Izzy’s Fire is a compelling account of how a Lithuanian Jewish couple & their nine-year-old son survived the extermination cullings at the Kovno Ghetto which the Nazis had created. They escaped into the farmlands where a Catholic family, living the words of their faith, hid them in a root cellar. It is a triumphant example of how we can adapt & survive with just the clothes on our backs, a little sunlight & fresh air, & unquenchable resources of compassion, quick-wittedness & determination.
Nancy Wright Beasley's seven-year journey started when she heard Alan Zimm, a Buchenwald survivor, recite the names of family members who died in the Holocaust.
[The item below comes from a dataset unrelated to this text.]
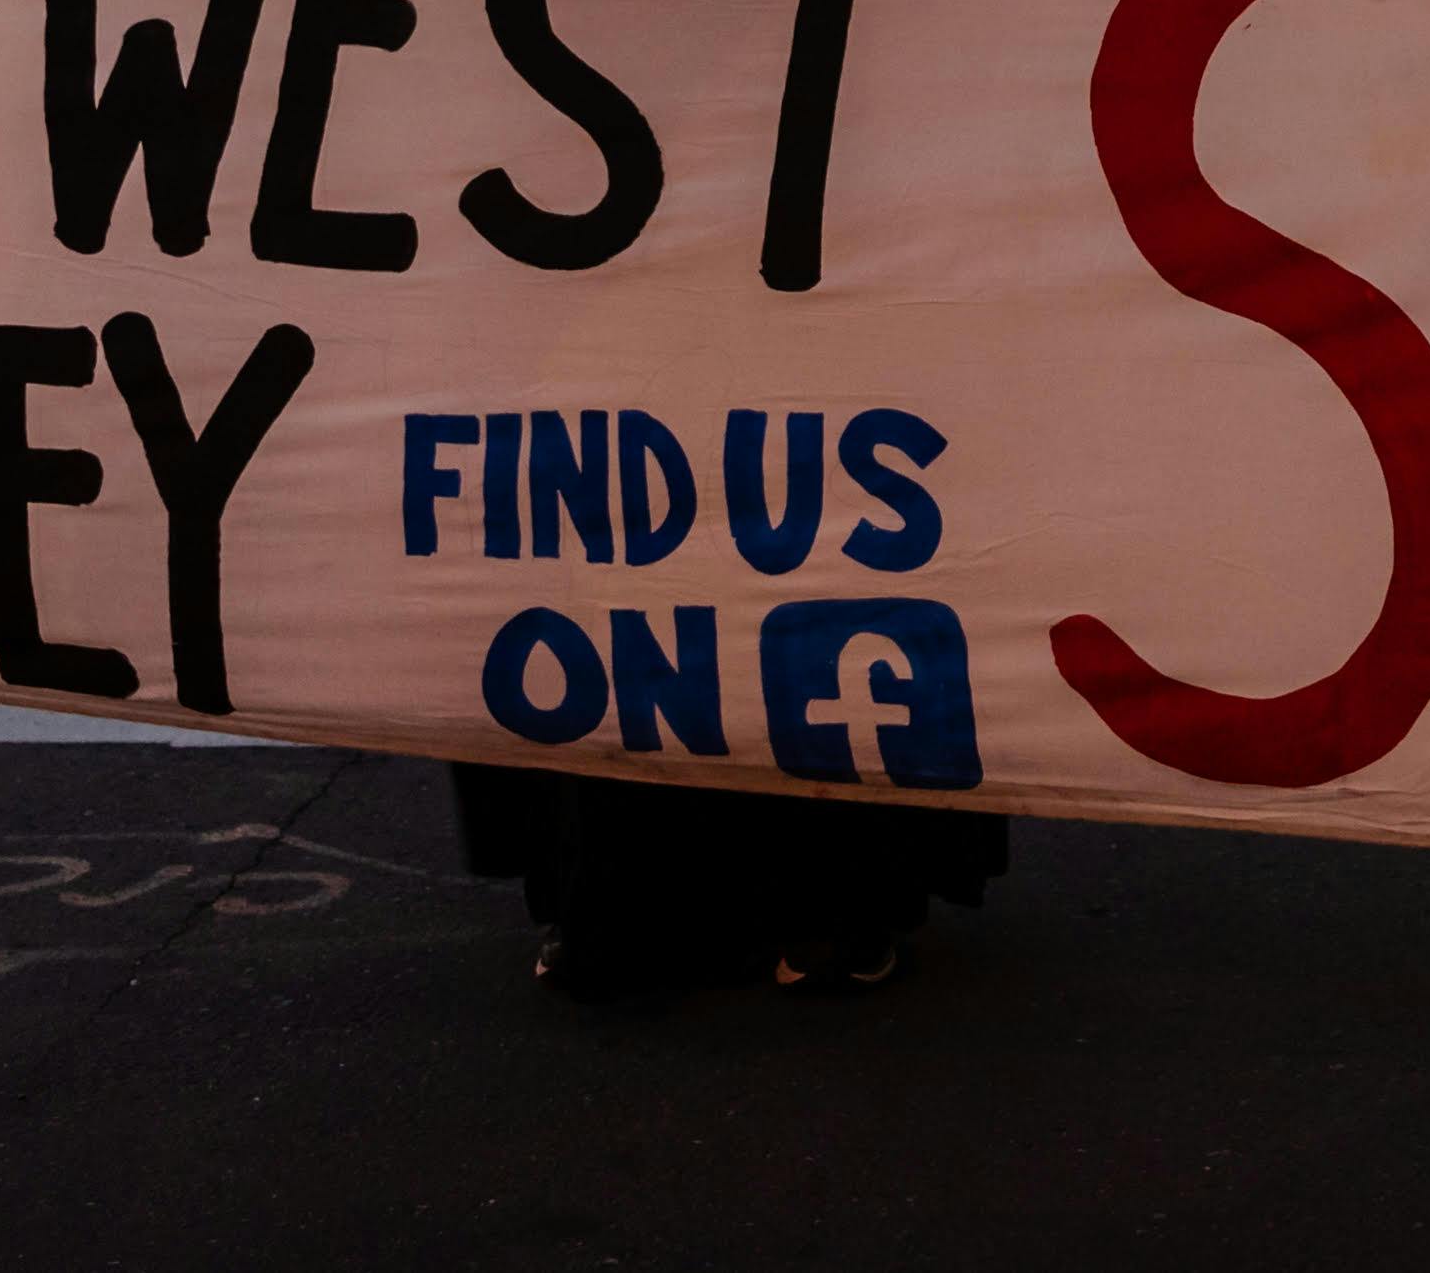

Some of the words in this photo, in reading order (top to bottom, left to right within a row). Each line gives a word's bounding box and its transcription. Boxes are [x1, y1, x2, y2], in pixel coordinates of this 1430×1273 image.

[402, 409, 698, 567] FIND
[722, 407, 949, 576] US
[481, 605, 730, 756] ON
She realized the significance of recording survivor history the more she read, & when she discovered Edna Ipson's miraculous, she knew she had to write this book.
I came to as full a realization as a non-participant can of the Holocaust when I worked at a summer camp for the Midwest region of the Union of American Hebrew Congregations, & met Elie Wiesel (20 years later he would be a Nobel Prize Winner, & is now the author of 40 books) who had just published his first, Night. He had been invited to speak to the Jewish community of campers, pioneers, counselors, rabbis & laypeople. It was the first time I had ever been allowed to touch the concentration camp number tattooed on a Holocaust survivor's forearm. He was an intensely vibrant being who made a difference in my life.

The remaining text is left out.